# About this task
The records that follow are to be reproduced verbatim.
/---
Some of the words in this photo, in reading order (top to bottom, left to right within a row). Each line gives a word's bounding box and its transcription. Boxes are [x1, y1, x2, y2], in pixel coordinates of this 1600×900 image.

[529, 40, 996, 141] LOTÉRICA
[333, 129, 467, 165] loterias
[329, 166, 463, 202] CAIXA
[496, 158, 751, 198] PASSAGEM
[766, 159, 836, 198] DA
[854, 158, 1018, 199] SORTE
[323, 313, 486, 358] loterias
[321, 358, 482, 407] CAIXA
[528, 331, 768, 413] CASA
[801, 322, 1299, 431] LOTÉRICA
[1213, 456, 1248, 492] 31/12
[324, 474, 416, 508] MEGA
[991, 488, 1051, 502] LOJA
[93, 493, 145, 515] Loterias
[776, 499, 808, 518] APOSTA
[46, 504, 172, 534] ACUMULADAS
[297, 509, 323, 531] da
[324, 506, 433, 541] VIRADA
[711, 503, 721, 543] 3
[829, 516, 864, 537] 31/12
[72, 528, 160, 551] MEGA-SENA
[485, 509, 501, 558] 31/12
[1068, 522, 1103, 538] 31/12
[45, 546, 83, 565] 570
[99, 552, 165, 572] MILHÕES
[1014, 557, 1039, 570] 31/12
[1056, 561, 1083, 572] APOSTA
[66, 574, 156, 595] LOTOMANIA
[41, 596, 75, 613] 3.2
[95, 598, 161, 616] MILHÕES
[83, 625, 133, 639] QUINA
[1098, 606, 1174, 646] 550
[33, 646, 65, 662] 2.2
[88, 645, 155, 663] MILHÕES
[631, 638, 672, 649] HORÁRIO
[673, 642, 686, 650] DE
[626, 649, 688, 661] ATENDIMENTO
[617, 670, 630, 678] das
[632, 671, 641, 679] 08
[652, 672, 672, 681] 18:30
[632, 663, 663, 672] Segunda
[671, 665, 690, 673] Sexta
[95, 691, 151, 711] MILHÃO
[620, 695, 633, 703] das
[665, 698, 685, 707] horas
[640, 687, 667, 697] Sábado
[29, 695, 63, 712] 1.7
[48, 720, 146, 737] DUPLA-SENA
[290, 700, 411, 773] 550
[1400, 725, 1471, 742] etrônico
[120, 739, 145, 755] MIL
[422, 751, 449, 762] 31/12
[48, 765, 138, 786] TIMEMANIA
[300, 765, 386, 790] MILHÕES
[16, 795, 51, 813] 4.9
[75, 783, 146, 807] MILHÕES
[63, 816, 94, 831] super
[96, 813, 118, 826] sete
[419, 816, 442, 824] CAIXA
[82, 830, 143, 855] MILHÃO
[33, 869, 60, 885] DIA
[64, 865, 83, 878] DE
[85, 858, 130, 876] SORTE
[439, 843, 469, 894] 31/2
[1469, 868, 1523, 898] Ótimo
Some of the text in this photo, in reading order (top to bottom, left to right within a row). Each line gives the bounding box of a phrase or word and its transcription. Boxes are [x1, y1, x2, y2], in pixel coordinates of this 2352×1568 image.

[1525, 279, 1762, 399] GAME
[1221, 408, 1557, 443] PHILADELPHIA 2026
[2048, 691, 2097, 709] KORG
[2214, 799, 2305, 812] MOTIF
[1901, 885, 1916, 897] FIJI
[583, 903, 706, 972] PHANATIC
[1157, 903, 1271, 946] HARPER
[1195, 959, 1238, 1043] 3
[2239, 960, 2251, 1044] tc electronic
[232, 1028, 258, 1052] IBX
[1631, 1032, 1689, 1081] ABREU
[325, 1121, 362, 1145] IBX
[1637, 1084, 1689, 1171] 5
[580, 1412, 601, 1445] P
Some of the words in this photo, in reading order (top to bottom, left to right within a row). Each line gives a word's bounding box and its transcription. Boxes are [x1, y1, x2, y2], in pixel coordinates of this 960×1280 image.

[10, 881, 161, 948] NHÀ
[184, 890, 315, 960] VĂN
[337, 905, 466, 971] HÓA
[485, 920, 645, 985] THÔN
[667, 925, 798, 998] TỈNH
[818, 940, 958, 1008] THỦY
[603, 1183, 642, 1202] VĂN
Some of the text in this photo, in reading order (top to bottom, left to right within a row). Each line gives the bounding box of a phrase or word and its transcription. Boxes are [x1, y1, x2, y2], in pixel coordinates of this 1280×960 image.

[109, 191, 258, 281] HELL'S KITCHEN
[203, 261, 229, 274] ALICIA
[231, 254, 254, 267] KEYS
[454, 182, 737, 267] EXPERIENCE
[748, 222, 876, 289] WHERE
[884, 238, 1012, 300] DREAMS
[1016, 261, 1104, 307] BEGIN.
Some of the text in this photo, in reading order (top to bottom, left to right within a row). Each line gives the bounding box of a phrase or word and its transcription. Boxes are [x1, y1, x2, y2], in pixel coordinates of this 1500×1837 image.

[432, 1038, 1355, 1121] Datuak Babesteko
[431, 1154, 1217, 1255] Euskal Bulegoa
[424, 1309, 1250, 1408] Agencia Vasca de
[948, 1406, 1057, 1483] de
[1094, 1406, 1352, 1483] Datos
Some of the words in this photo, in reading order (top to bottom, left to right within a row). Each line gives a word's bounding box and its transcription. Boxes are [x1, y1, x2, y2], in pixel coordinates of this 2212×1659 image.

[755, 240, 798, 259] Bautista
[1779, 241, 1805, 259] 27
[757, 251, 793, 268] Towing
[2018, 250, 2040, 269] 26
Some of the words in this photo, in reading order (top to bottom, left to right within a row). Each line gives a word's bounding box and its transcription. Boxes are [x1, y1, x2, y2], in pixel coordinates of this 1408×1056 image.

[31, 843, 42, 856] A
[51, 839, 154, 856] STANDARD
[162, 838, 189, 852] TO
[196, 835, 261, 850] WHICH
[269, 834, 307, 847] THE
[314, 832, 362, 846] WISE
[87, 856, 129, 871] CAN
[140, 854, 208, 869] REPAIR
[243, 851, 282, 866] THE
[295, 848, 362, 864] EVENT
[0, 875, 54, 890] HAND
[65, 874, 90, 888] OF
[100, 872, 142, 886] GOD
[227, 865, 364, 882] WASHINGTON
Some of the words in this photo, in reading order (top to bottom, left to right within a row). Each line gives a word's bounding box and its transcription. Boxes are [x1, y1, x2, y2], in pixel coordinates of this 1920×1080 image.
\---
# Output for this task
Some of the words in this photo, in reading order (top to bottom, left to right within a row). Each line gives a word's bounding box and its transcription. Boxes are [x1, y1, x2, y2], in pixel coordinates of this 1600×900 image.

[529, 40, 996, 141] LOTÉRICA
[333, 129, 467, 165] loterias
[329, 166, 463, 202] CAIXA
[496, 158, 751, 198] PASSAGEM
[766, 159, 836, 198] DA
[854, 158, 1018, 199] SORTE
[323, 313, 486, 358] loterias
[321, 358, 482, 407] CAIXA
[528, 331, 768, 413] CASA
[801, 322, 1299, 431] LOTÉRICA
[1213, 456, 1248, 492] 31/12
[324, 474, 416, 508] MEGA
[991, 488, 1051, 502] LOJA
[93, 493, 145, 515] Loterias
[776, 499, 808, 518] APOSTA
[46, 504, 172, 534] ACUMULADAS
[297, 509, 323, 531] da
[324, 506, 433, 541] VIRADA
[711, 503, 721, 543] 3
[829, 516, 864, 537] 31/12
[72, 528, 160, 551] MEGA-SENA
[485, 509, 501, 558] 31/12
[1068, 522, 1103, 538] 31/12
[45, 546, 83, 565] 570
[99, 552, 165, 572] MILHÕES
[1014, 557, 1039, 570] 31/12
[1056, 561, 1083, 572] APOSTA
[66, 574, 156, 595] LOTOMANIA
[41, 596, 75, 613] 3.2
[95, 598, 161, 616] MILHÕES
[83, 625, 133, 639] QUINA
[1098, 606, 1174, 646] 550
[33, 646, 65, 662] 2.2
[88, 645, 155, 663] MILHÕES
[631, 638, 672, 649] HORÁRIO
[673, 642, 686, 650] DE
[626, 649, 688, 661] ATENDIMENTO
[617, 670, 630, 678] das
[632, 671, 641, 679] 08
[652, 672, 672, 681] 18:30
[632, 663, 663, 672] Segunda
[671, 665, 690, 673] Sexta
[95, 691, 151, 711] MILHÃO
[620, 695, 633, 703] das
[665, 698, 685, 707] horas
[640, 687, 667, 697] Sábado
[29, 695, 63, 712] 1.7
[48, 720, 146, 737] DUPLA-SENA
[290, 700, 411, 773] 550
[1400, 725, 1471, 742] etrônico
[120, 739, 145, 755] MIL
[422, 751, 449, 762] 31/12
[48, 765, 138, 786] TIMEMANIA
[300, 765, 386, 790] MILHÕES
[16, 795, 51, 813] 4.9
[75, 783, 146, 807] MILHÕES
[63, 816, 94, 831] super
[96, 813, 118, 826] sete
[419, 816, 442, 824] CAIXA
[82, 830, 143, 855] MILHÃO
[33, 869, 60, 885] DIA
[64, 865, 83, 878] DE
[85, 858, 130, 876] SORTE
[439, 843, 469, 894] 31/2
[1469, 868, 1523, 898] Ótimo
Some of the text in this photo, in reading order (top to bottom, left to right within a row). Each line gives the bounding box of a phrase or word and its transcription. Boxes are [x1, y1, x2, y2], in pixel coordinates of this 2352×1568 image.

[1525, 279, 1762, 399] GAME
[1221, 408, 1557, 443] PHILADELPHIA 2026
[2048, 691, 2097, 709] KORG
[2214, 799, 2305, 812] MOTIF
[1901, 885, 1916, 897] FIJI
[583, 903, 706, 972] PHANATIC
[1157, 903, 1271, 946] HARPER
[1195, 959, 1238, 1043] 3
[2239, 960, 2251, 1044] tc electronic
[232, 1028, 258, 1052] IBX
[1631, 1032, 1689, 1081] ABREU
[325, 1121, 362, 1145] IBX
[1637, 1084, 1689, 1171] 5
[580, 1412, 601, 1445] P
Some of the words in this photo, in reading order (top to bottom, left to right within a row). Each line gives a word's bounding box and its transcription. Boxes are [x1, y1, x2, y2], in pixel coordinates of this 960×1280 image.

[10, 881, 161, 948] NHÀ
[184, 890, 315, 960] VĂN
[337, 905, 466, 971] HÓA
[485, 920, 645, 985] THÔN
[667, 925, 798, 998] TỈNH
[818, 940, 958, 1008] THỦY
[603, 1183, 642, 1202] VĂN
Some of the text in this photo, in reading order (top to bottom, left to right within a row). Each line gives the bounding box of a phrase or word and its transcription. Boxes are [x1, y1, x2, y2], in pixel coordinates of this 1280×960 image.

[109, 191, 258, 281] HELL'S KITCHEN
[203, 261, 229, 274] ALICIA
[231, 254, 254, 267] KEYS
[454, 182, 737, 267] EXPERIENCE
[748, 222, 876, 289] WHERE
[884, 238, 1012, 300] DREAMS
[1016, 261, 1104, 307] BEGIN.
Some of the text in this photo, in reading order (top to bottom, left to right within a row). Each line gives the bounding box of a phrase or word and its transcription. Boxes are [x1, y1, x2, y2], in pixel coordinates of this 1500×1837 image.

[432, 1038, 1355, 1121] Datuak Babesteko
[431, 1154, 1217, 1255] Euskal Bulegoa
[424, 1309, 1250, 1408] Agencia Vasca de
[948, 1406, 1057, 1483] de
[1094, 1406, 1352, 1483] Datos
Some of the words in this photo, in reading order (top to bottom, left to right within a row). Each line gives a word's bounding box and its transcription. Boxes are [x1, y1, x2, y2], in pixel coordinates of this 2212×1659 image.

[755, 240, 798, 259] Bautista
[1779, 241, 1805, 259] 27
[757, 251, 793, 268] Towing
[2018, 250, 2040, 269] 26
Some of the words in this photo, in reading order (top to bottom, left to right within a row). Each line gives a word's bounding box and its transcription. Boxes are [x1, y1, x2, y2], in pixel coordinates of this 1408×1056 image.

[31, 843, 42, 856] A
[51, 839, 154, 856] STANDARD
[162, 838, 189, 852] TO
[196, 835, 261, 850] WHICH
[269, 834, 307, 847] THE
[314, 832, 362, 846] WISE
[87, 856, 129, 871] CAN
[140, 854, 208, 869] REPAIR
[243, 851, 282, 866] THE
[295, 848, 362, 864] EVENT
[0, 875, 54, 890] HAND
[65, 874, 90, 888] OF
[100, 872, 142, 886] GOD
[227, 865, 364, 882] WASHINGTON
Some of the words in this photo, in reading order (top to bottom, left to right within a row). Each line gives a word's bounding box and its transcription. Boxes are [x1, y1, x2, y2], in pixel coordinates of this 1920×1080 image.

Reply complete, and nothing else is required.